As our friend Máttheus said, using forEach becomes more readable.

var array = [1, 2, 3, 4, 5];
 var par = [];
 var impar = [];

 function PickIt() {
  array.forEach(function(v,i) {   // v -> valor do array, i -> indice do array
    
    if(v % 2 == 0){               // Verifica os valores
      par.push(v);
    } else {
      impar.push(v);
    }
  })
}
PickIt();
console.log(par);
console.log(impar);

score 1 · Answer 5

I'm going to answer your question about which solution would be correct and without messing around with your code, its almost correct, you just did not ask to display the result on the screen, besides having mistakenly used the 'return'. >

I take the 'return' so that in the function call, after the first 'return', the execution does not exit the current subroutine and return to the point where it was called by stopping execution of 'for'. After finalizing 'for', I asked to print the odd and even arrays, using the 'console.log'. Through this, I can then visualize the result in the browser's developer tool.

function PickIt(array) {
  var array = [1, 2, 3, 4, 5];
  var par = [];
  var impar = [];

  for (var i = 0; i < array.length; i++) {
    if (array[i] % 2 === 0) {
       par.push(array[i]);
    } else {
       impar.push(array[i]);
    }
  }
  console.log(par);
  console.log(impar);
}
PickIt();

score 1 · Answer 6

Using Filter

Although the filter causes the execution to pass twice through the array, the code becomes simpler.
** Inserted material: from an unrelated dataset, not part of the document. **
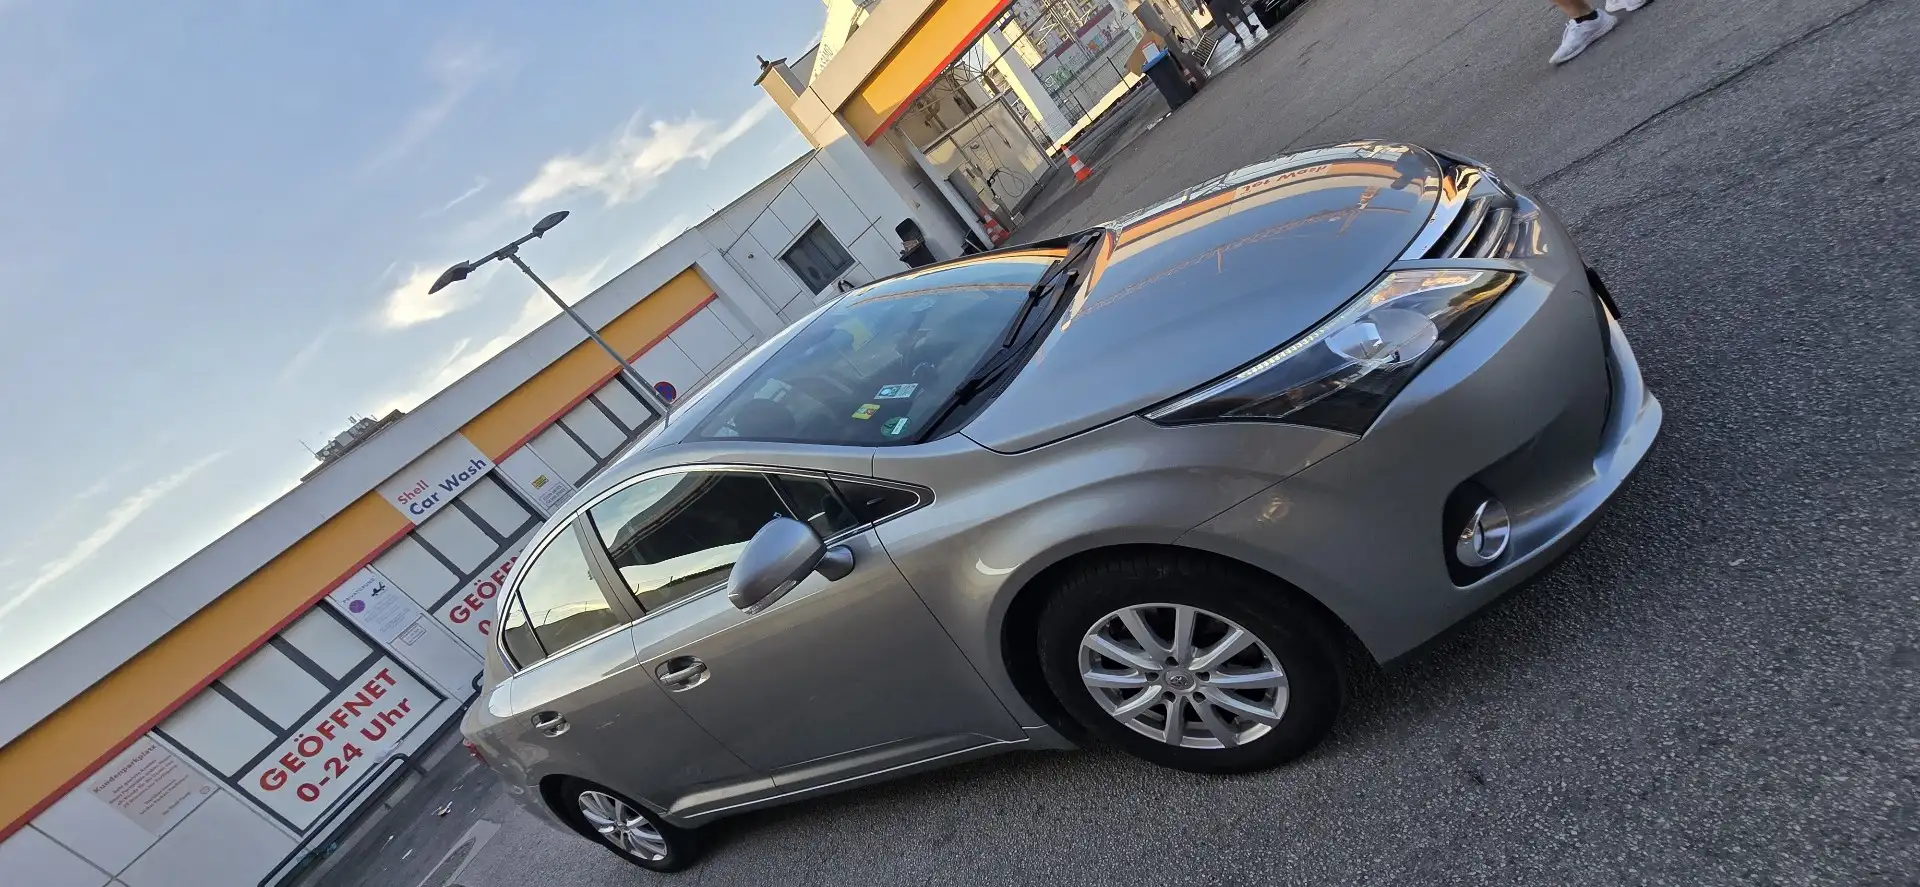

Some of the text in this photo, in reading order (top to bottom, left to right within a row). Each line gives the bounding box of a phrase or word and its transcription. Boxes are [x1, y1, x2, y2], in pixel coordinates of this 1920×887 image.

var array = [1, 2, 3, 4, 5];

function PickIt(arr) {
  return { 
    par: arr.filter(x => (x % 2 == 0)),
    impar: arr.filter(x => (x % 2 != 0))
  };
}

var result = PickIt(array);
console.log(result.par);
console.log(result.impar);

score 0 · Answer 7

Using the syntax for...of entered in ES6 you can do as follows:

const PickIt = elementos => {
  let pares = [];
  let impares = [];

  // Percorre cada item
  for (let elemento of elementos) {
    // Define a referência do array válido para este elemento
    let alvo = elemento % 2 === 0 ? pares: impares;

    // Adiciona o elemento
    alvo.push(elemento);
  }

  // Retorna o resultado nomeado
  return { pares, impares };
}

// Aqui vai a utilização
let array = [1, 2, 3, 4, 5];
let { pares, impares } = PickIt(array);

console.log('pares =>', pares.join(', '));
console.log('impares =>', impares.join(', '));

Remembering that the above solution is not compatible with all browsers and versions

for...of
The for...of loop traverses iterative objects (including Array , Map , Set , arguments , and so on), invoking a custom function with instructions to execute for the value of each different object.